Fortunately, a few men on the shore grabbed Deanne before she was forced over the falls, but Roger and James weren’t so lucky. Both were thrown over Horseshoe Falls into the rapids and rocks below. James didn’t survive, but Roger miraculously made it out completely uninjured, with only a mild case of shock. He had been wearing a life jacket at the time and was rescued by the Maid of the Mist, a boat at the bottom of the falls. What makes this story of survival even more amazing is that at the time, Woodard was only seven years old. He has since found a passion for boating—though he does his best to avoid monstrous waterfalls.
39 Kilometers (128,000 Ft)
What makes Felix Baumgartner’s fall so amazing isn’t the landing (he had a parachute), but rather what happened to his body during the drop. In 2012, he became the first person to break the sound barrier, unprotected and under his own power. His 39-kilometer adrenaline rush crushed the previous record set by Joe Kittinger and reached speeds of up to 1,342 kph (834 mph). Baungartner’s body was pushed to its limits once he entered the stratosphere, as he went into a dangerous spin. The flat spin, as it’s known, has proven deadly for many, causing blood to rush to the brain due to the centripetal force.

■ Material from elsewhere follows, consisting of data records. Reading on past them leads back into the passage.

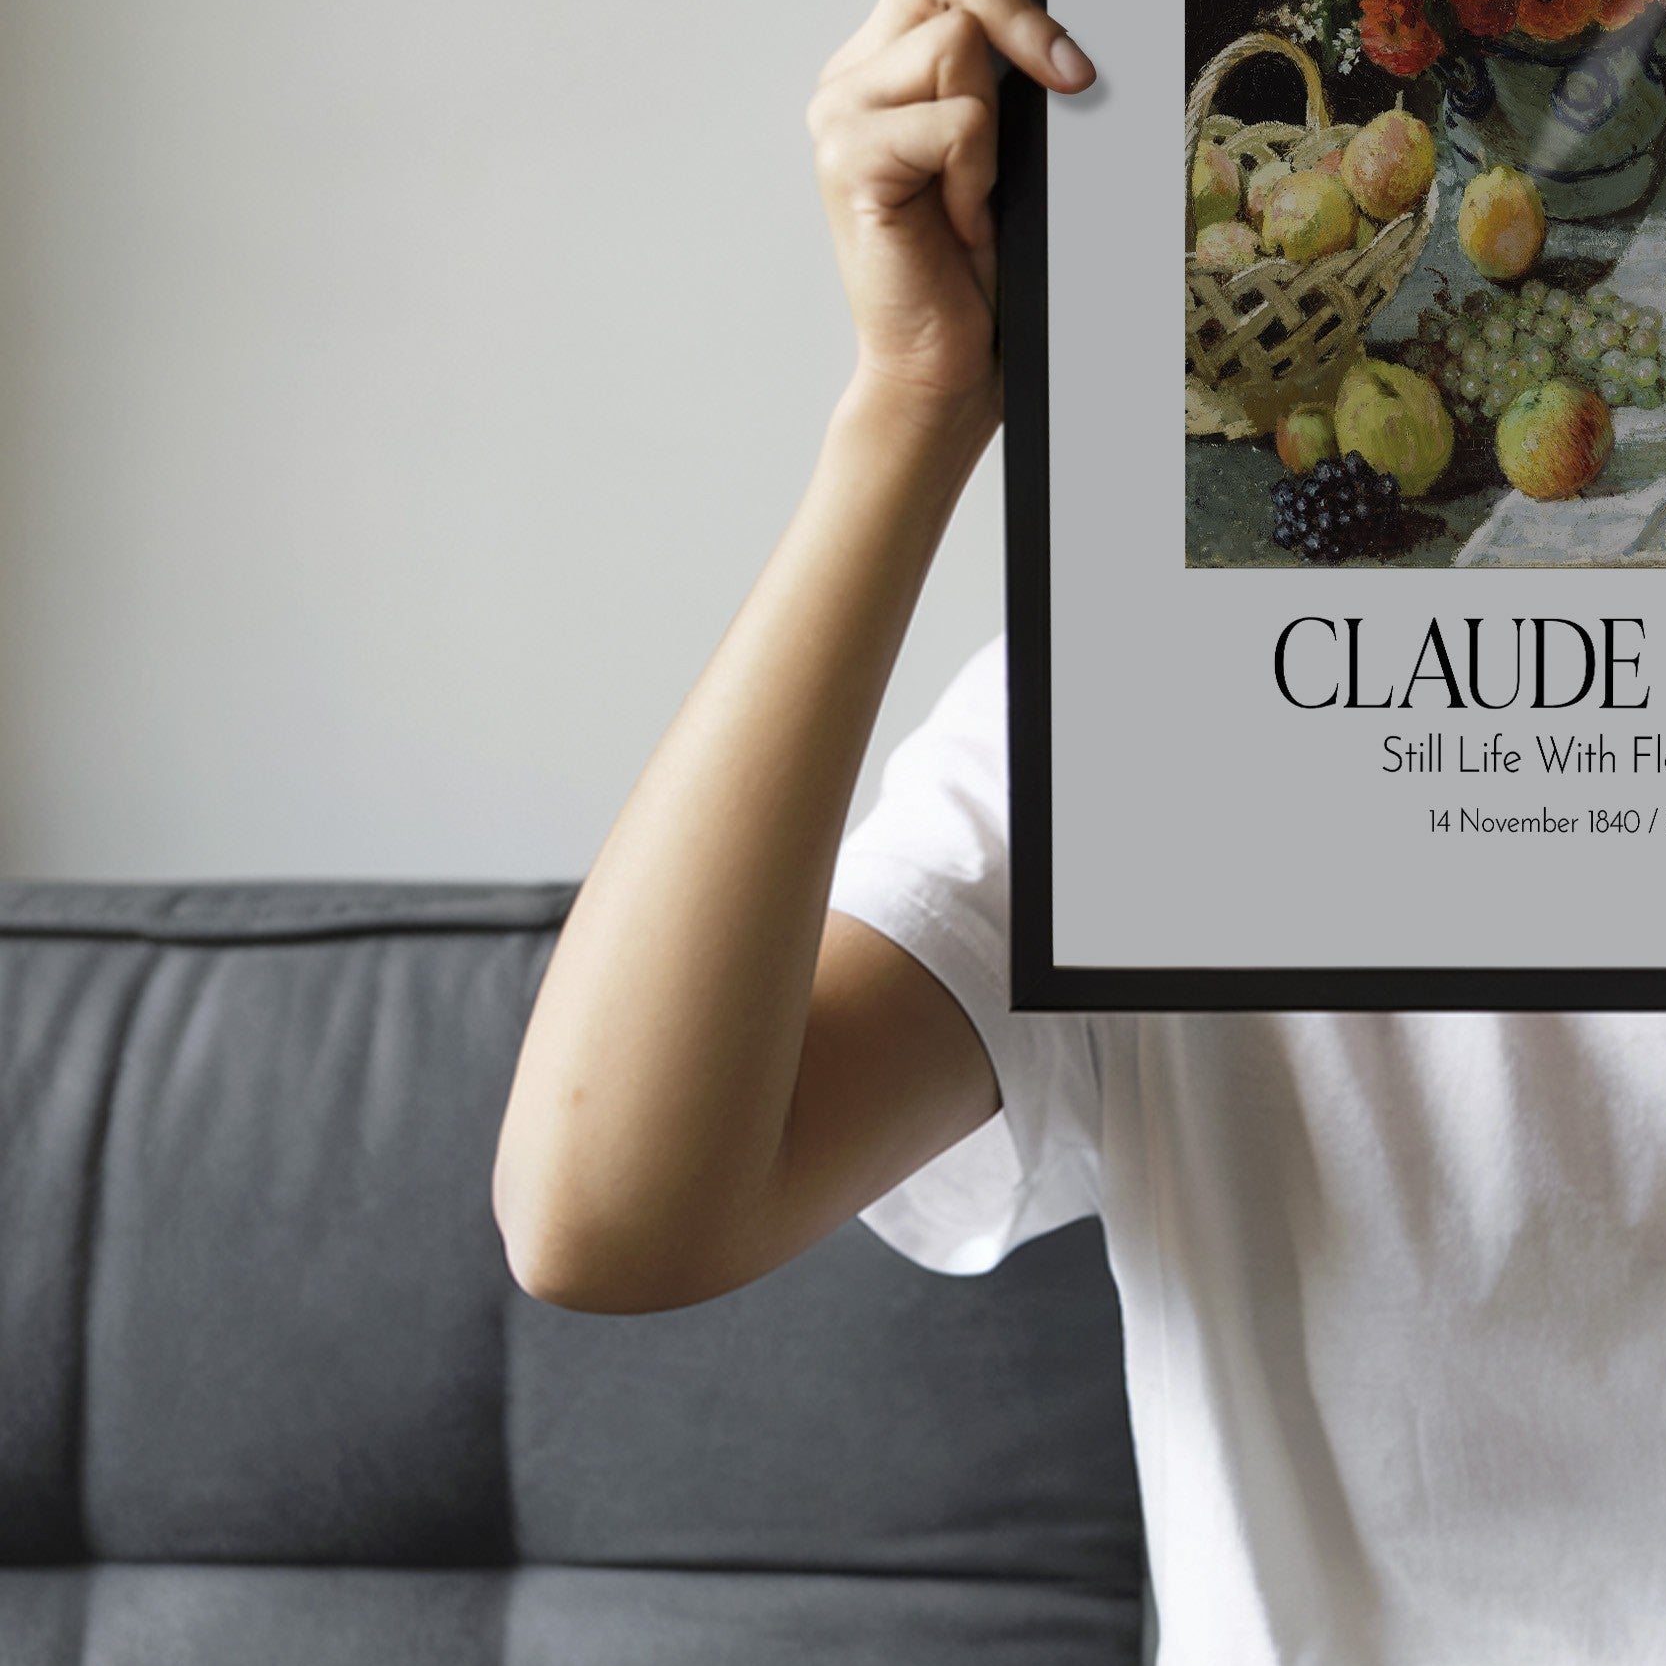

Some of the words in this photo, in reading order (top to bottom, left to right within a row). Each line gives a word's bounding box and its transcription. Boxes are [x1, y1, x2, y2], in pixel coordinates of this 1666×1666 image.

[1273, 616, 1651, 710] CLAUDE
[1382, 732, 1442, 773] Still
[1459, 732, 1522, 774] Life
[1535, 733, 1616, 775] With
[1428, 809, 1452, 833] 14
[1460, 806, 1580, 834] November
[1587, 809, 1641, 834] 1840
[1648, 807, 1659, 834] /

It took Baumgartner a full four minutes to make the descent from space to the soil of New Mexico. He managed to remained conscious throughout the fall, avoiding another risk that jumping from space brings. Had Baumgartner passed out, it’s likely that his flat spin would’ve killed him. The famous daredevil has since retired and has claimed that he didn’t enjoy the record-breaking space jump.

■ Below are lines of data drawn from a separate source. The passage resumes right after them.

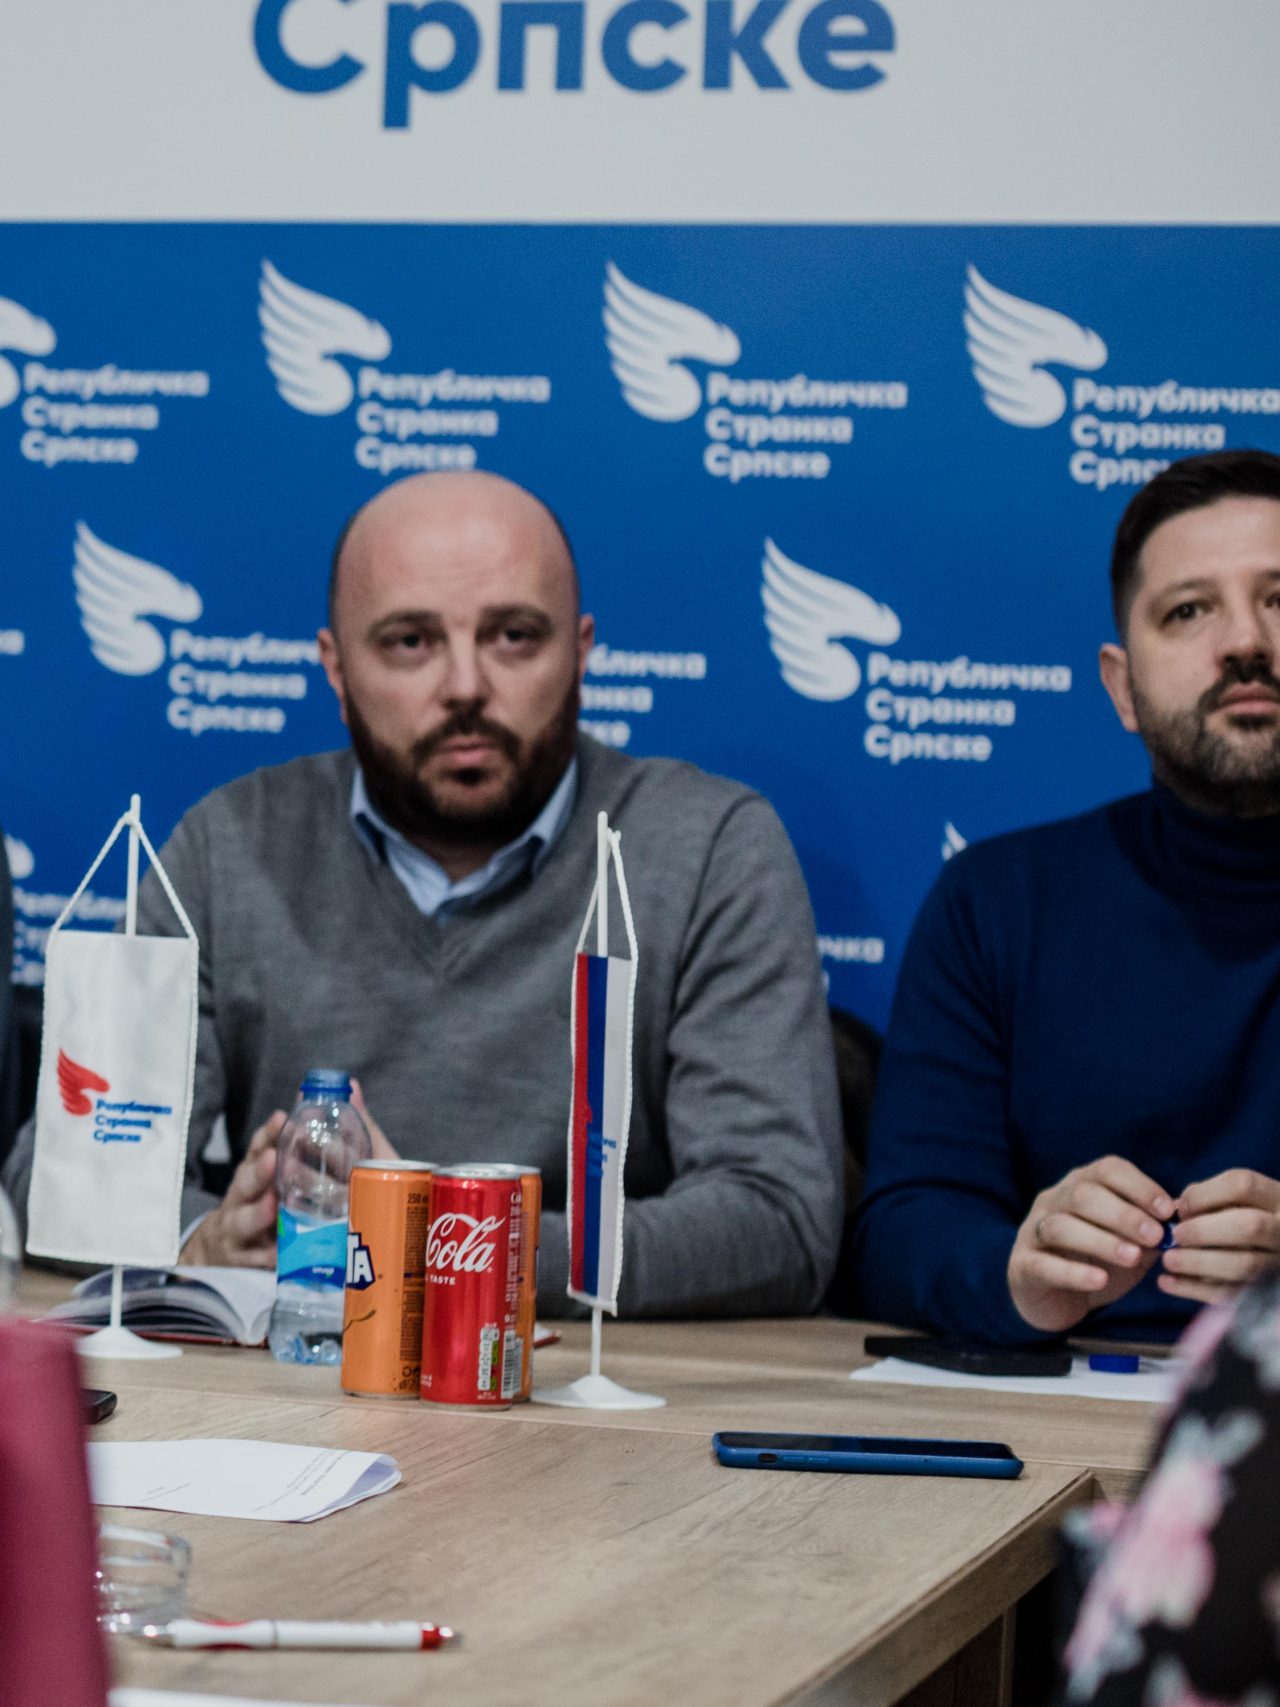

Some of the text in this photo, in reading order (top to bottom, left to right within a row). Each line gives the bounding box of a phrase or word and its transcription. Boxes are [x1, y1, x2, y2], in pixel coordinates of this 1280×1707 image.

[253, 0, 897, 130] Српске
[24, 362, 210, 401] Републичка
[358, 366, 552, 406] Републичка
[707, 372, 908, 413] Републичка
[1073, 378, 1280, 418] Републичка
[22, 396, 158, 434] Странка
[356, 401, 498, 441] Странка
[705, 407, 853, 447] Странка
[1071, 413, 1226, 454] Странка
[21, 429, 138, 467] Српске
[355, 435, 476, 475] Српске
[703, 443, 830, 483] Српске
[1070, 450, 1171, 491] Српс
[170, 629, 320, 668] Републич
[588, 643, 706, 679] бличка
[169, 663, 307, 702] Странка
[868, 652, 1072, 694] Републичка
[167, 697, 286, 736] Српске
[865, 688, 1016, 729] Странка
[864, 724, 993, 765] Српске
[426, 1212, 506, 1273] Cola

6.7 Kilometers (22,000 Ft)
Steve Fossett is mostly known for being the first person to navigate non-stop around the world in a hot air balloon. However, he also survived a 6.7-kilometer (22,000 ft) fall without injury. In 1998, he set out to circle the globe nonstop for the fourth time in his hot air balloon the Solo Spirit. He had completed about 60 percent of his journey when he decided to travel through a rough storm over the Coral Sea. Hail ripped through his balloon and his basket began a rapid descent toward the rough waters. Bracing for impact and expecting the worst, Fossett hit the ocean only to find himself completely uninjured with his capsule on fire. He grabbed a life raft to escape the burning basket and was forced to spend 10 hours in the open ocean surrounded by sharks until he was rescued.
1.8 Kilometers (6,000 Ft)
James Boole is an experienced skydiver with over 2,000 jumps under his belt. In 2009, he was shooting a documentary about another skydiver in Russia’s snowy Kamchatka mountain. The man he was filming with was supposed to signal for Boole to open his parachute around 200m (656 ft) above the ground. The signal never came, and Boole was so engrossed in his filming that he didn’t realize until he was 20 meters (65 ft) from slamming into the ground. He immediately deployed his chute, but it did very little to slow his fall. His impact made a crater over one meter deep in the snow and he quickly lost consciousness as others rushed to his aid. It took him over an hour to get treatment for his severely broken back and ribs, as well as a badly injured lung, but he somehow made a full recovery, and even intended to continue skydiving.